Bill Gates speaks during an interview with Chinese media in Beijing, on Nov 21, 2019. (Photo provided to chinadaily.com.cn)
Philanthropist and Microsoft founder Bill Gates said on Thursday that he will be looking for opportunities to cooperate with China on developing nuclear energy despite the recent suspension of a joint venture between the U.S.-headquartered TerraPower and a top Chinese nuclear-power producer.
"The TerraPower thing, that was a setback, but there are ways to come back and engage China in a fairly deep way later in the project," he said during an interview with Chinese media in Beijing.
TerraPower, a nuclear innovation company chaired by Gates, reached an agreement with the China National Nuclear Corporation in 2017 to trial its traveling-wave reactor in China.
But the plan was announced as scrapped in late 2018 amid tighter rules the U.S. has imposed on technology cooperation with China.
TerraPower is now working on collecting funds from the U.S. government to build its first demonstration site in the U.S. instead.
"I'm still hopeful that once we get the demo plant going in the United States, that we'll return to our Chinese partners and see how we can work together," he said.
He added that China is capable of making contributions to developing and promoting nuclear energy.
"China's building about 40 percent of all the nuclear builds in the world. China has incredible engineering skills," he said.
To generate electricity through nuclear innovations is part of Gates' efforts to reduce greenhouse gases and mitigate climate change.

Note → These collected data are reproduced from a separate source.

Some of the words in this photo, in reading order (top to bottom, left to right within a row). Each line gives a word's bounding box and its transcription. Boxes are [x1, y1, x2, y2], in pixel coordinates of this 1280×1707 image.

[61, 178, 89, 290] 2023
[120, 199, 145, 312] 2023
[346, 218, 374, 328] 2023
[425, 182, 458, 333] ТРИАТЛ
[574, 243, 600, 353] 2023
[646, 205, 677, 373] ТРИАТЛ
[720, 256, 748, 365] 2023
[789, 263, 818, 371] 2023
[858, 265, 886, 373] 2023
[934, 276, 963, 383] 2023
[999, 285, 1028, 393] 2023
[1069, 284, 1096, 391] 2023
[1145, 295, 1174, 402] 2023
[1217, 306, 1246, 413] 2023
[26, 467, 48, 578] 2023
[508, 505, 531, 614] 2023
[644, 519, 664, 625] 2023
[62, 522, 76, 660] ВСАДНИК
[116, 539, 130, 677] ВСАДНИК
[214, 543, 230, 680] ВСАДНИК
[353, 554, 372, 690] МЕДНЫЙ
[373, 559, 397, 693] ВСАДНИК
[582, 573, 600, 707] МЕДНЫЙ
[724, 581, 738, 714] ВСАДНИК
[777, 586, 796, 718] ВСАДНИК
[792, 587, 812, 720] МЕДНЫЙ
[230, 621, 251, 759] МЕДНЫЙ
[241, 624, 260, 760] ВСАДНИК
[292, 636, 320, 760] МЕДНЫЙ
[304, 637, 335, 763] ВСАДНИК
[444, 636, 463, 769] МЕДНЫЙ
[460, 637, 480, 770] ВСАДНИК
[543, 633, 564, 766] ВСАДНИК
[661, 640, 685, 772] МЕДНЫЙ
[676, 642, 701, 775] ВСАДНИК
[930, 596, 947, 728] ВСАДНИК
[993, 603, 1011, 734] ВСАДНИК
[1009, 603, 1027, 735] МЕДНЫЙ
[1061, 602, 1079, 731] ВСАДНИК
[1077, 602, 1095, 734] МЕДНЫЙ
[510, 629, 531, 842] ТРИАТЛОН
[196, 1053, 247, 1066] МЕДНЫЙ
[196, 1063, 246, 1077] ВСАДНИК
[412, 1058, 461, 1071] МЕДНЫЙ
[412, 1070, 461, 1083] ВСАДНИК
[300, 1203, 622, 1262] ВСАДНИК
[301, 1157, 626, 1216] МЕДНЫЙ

The work is unrelated to the Bill &Melinda Gates Foundation he co-founded in 2000, which focuses on building the resilience of poor farmers through promoting better seeds and agricultural practices to help them fend off the negative impact of climate change.
"We're encouraging all the donors, including China, to get involved more in this seed work for poor farmers, including Africa," he said.
"If we don't have cooperation, then things like climate change will be much more difficult to solve," he added.